A fresh view: What do you really know about the debt industry?

Over the coming months, we'll be sharing a series of posts which offer 'a fresh view'. They are the thoughts and observations from colleagues who have recently joined TDX Group.


Liz Crosland-Taylor joined TDX Group in March 2013 and works in our Advisory team. Here she shares her thoughts about the debt industry, and how it's not quite as she thought it would be.


What do you really know about the debt industry?

I’m new to the debt industry, and when I took a job at TDX a few months ago some of my initial thoughts did include, what do I actually know about debt? I pretty much had my socialised and personal view of debt, at a micro level. In my eyes it was something that, at a very basic level, was to be avoided if at all possible. Debt = bad. OK, well it wasn’t quite that basic, but fairly close to that, and indeed what I think the media would have us believe.

Working in an organisation that sits in an advantageous position centrally in the debt industry - and I say advantageously because TDX is positioned to comprehend the perspectives of participants from all sides – has definitely expanded my understanding of all things debt-related.

My original understanding was rather myopic, but reinforced by countless news stories detailing the miseries experienced by debtors struggling to get out or stay out of debt. Yet, paradoxically, it seems that many are actually clamouring to become debtors – all those people struggling to get a mortgage for example. Clearly debt can be good in some instances – it can be an opportunity. This may be in the form of a student loan that enables further education, or a mortgage that gets you onto that first rung of the property ladder – which is probably one of the largest debts someone acquires over a lifetime.

I have also realised that debt can be essential. A normality. Using a credit card or payday loan to assist with the timings of getting paid and paying overdue bills, or even technically being ‘in debt’ to utilities providers as I pay off my debt to them (having already used the gas and electricity they provided).

When I first mentioned my new job at TDX to friends and family, they joked that I was about to become a debt collector and go around knocking on doors. Obviously this is not true, but it made me realise that people outside the debt industry have very little realistic knowledge of what actually goes on!

I couldn’t possibly list all the many things that have pleasantly surprised me as I’ve been working at TDX – but here are just a couple of examples:

I didn’t know the extent to which organisations in the industry are quickly trying to respond to our changing culture and society, for example, the development of online e-collections tools and platforms that are already widening the methods people can use to make repayments - especially at times and in ways that are more convenient to them.

I also wasn’t aware of the degree to which compliance (treating all customers fairly and in accordance to their circumstances) is seen as fundamental across the industry.

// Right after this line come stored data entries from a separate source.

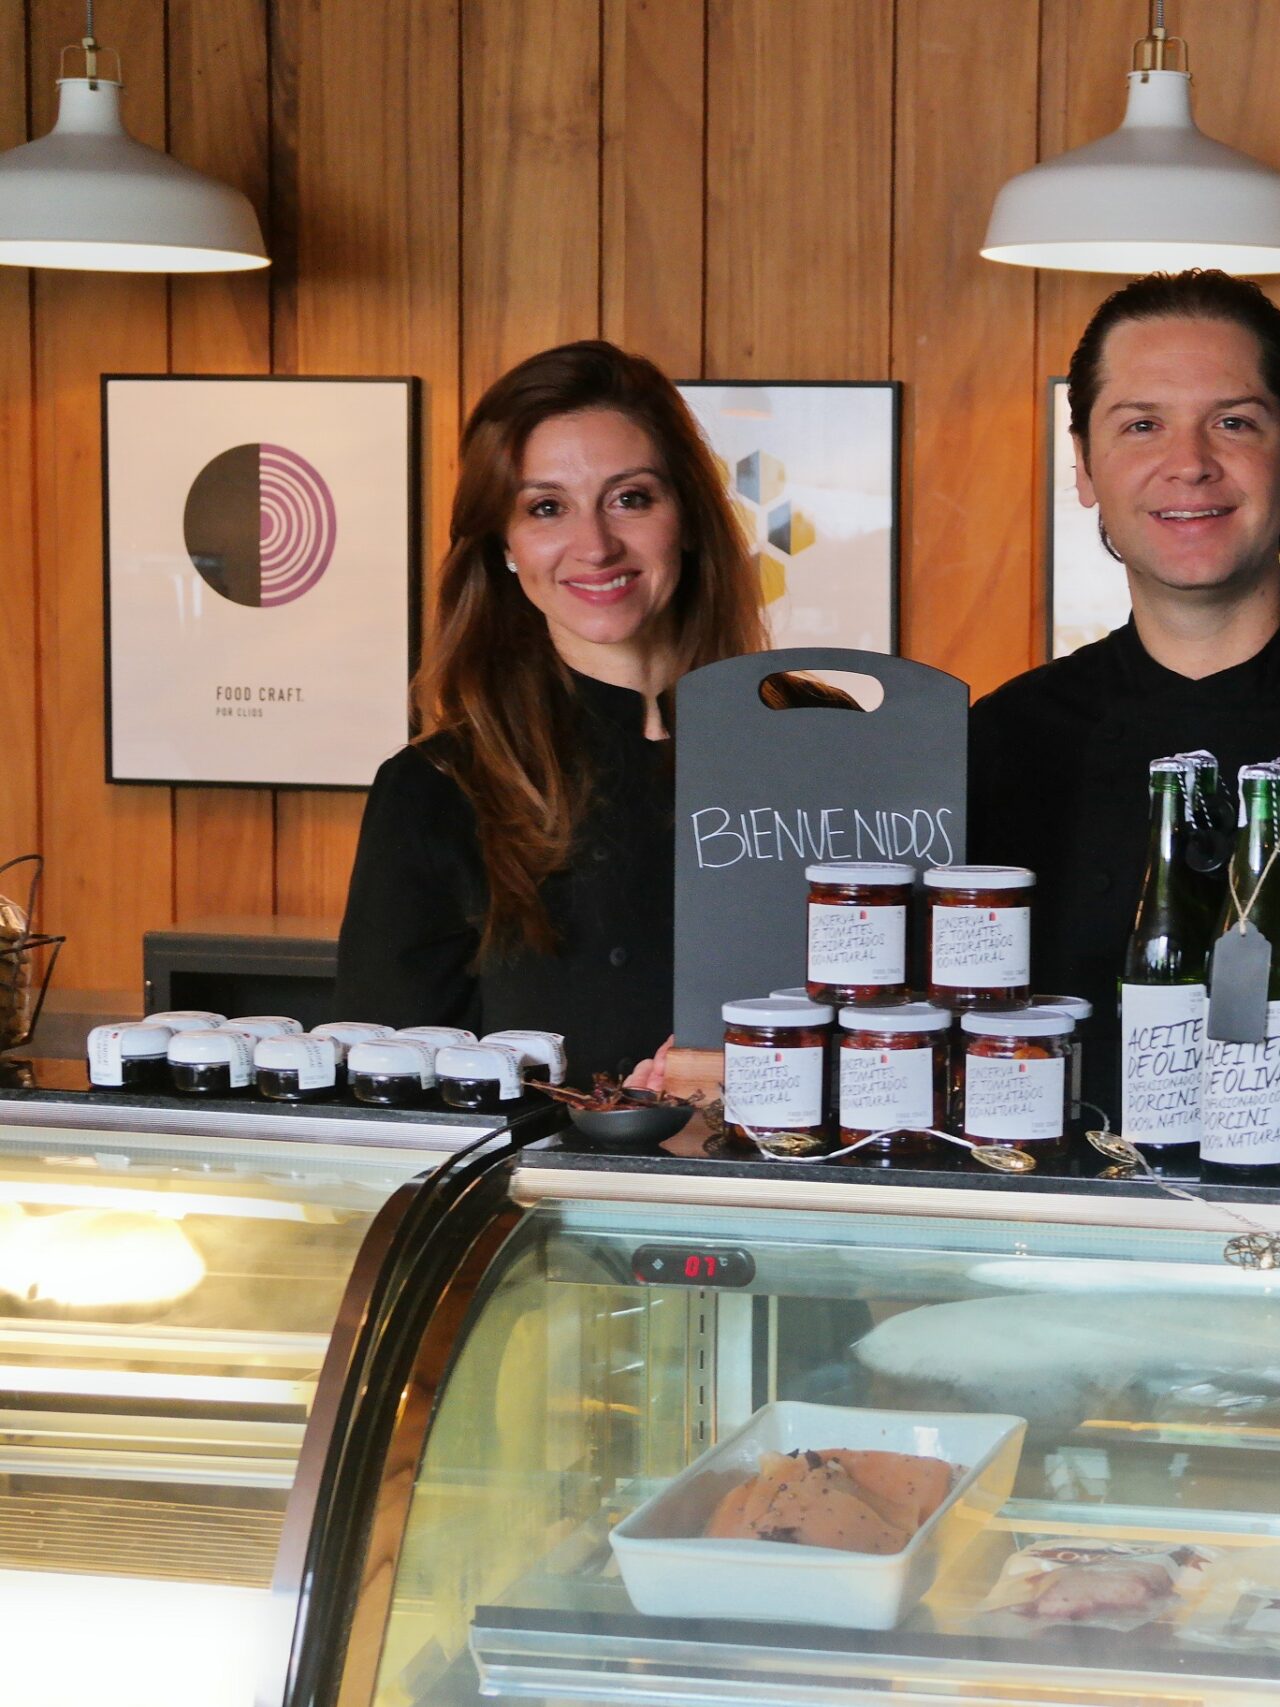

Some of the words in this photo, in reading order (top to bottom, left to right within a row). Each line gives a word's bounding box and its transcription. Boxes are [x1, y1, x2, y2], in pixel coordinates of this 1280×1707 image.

[216, 686, 251, 701] FOOD
[691, 807, 953, 868] BIENVENIDOS
[1128, 1018, 1203, 1051] ACEITE
[1127, 1053, 1152, 1079] DE
[1152, 1048, 1201, 1077] OLIV
[1128, 1086, 1199, 1113] PORCINI
[1157, 1107, 1201, 1129] NATUR

Nowadays creditors and Debt Collection Agencies (DCAs) think hard about the ways they treat their customers so that they can ensure fairer treatment for all.

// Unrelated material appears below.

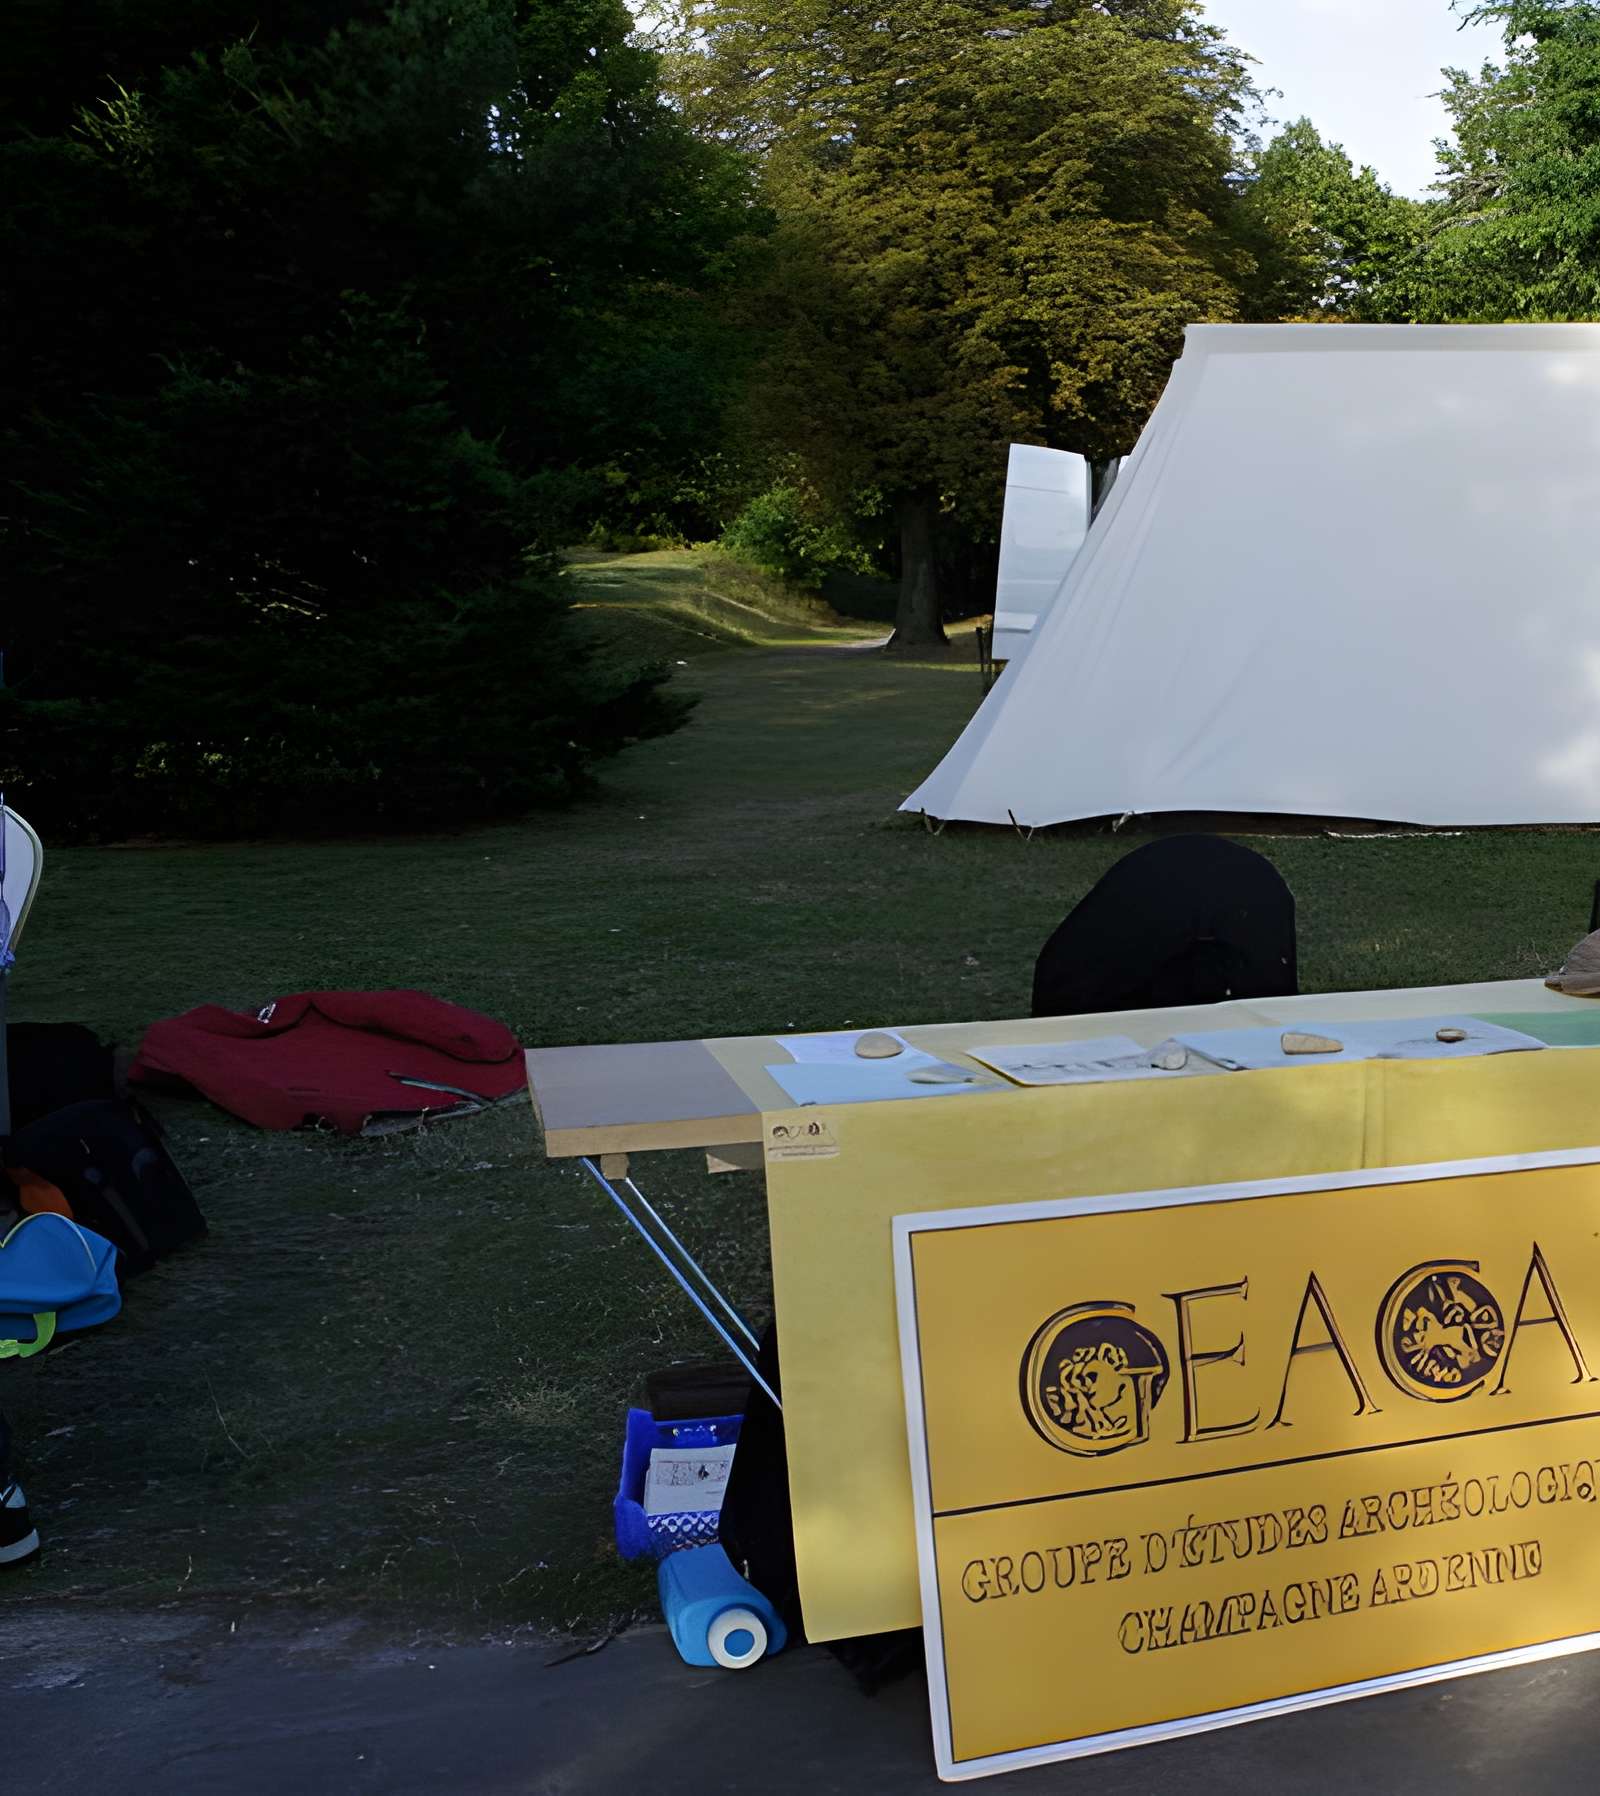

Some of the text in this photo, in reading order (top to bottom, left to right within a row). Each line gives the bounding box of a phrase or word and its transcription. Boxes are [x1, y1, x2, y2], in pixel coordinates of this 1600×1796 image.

[961, 1537, 1132, 1603] GROUPE
[1139, 1504, 1328, 1574] D'ÉTUDES
[1118, 1540, 1543, 1654] CHAMPAGNE ARDENNE

So, to sum up, just a few months of working at TDX has transformed my understanding of debt as an entity, and its varying meaning within a context. I continue to understand that the debt industry as a whole, which may seem superficially basic or simple on the surface, is, in reality, a highly complex and multidimensional industry. I must admit I am grateful for having my eyes opened to an interesting industry that is a hugely important part of many peoples’ lives.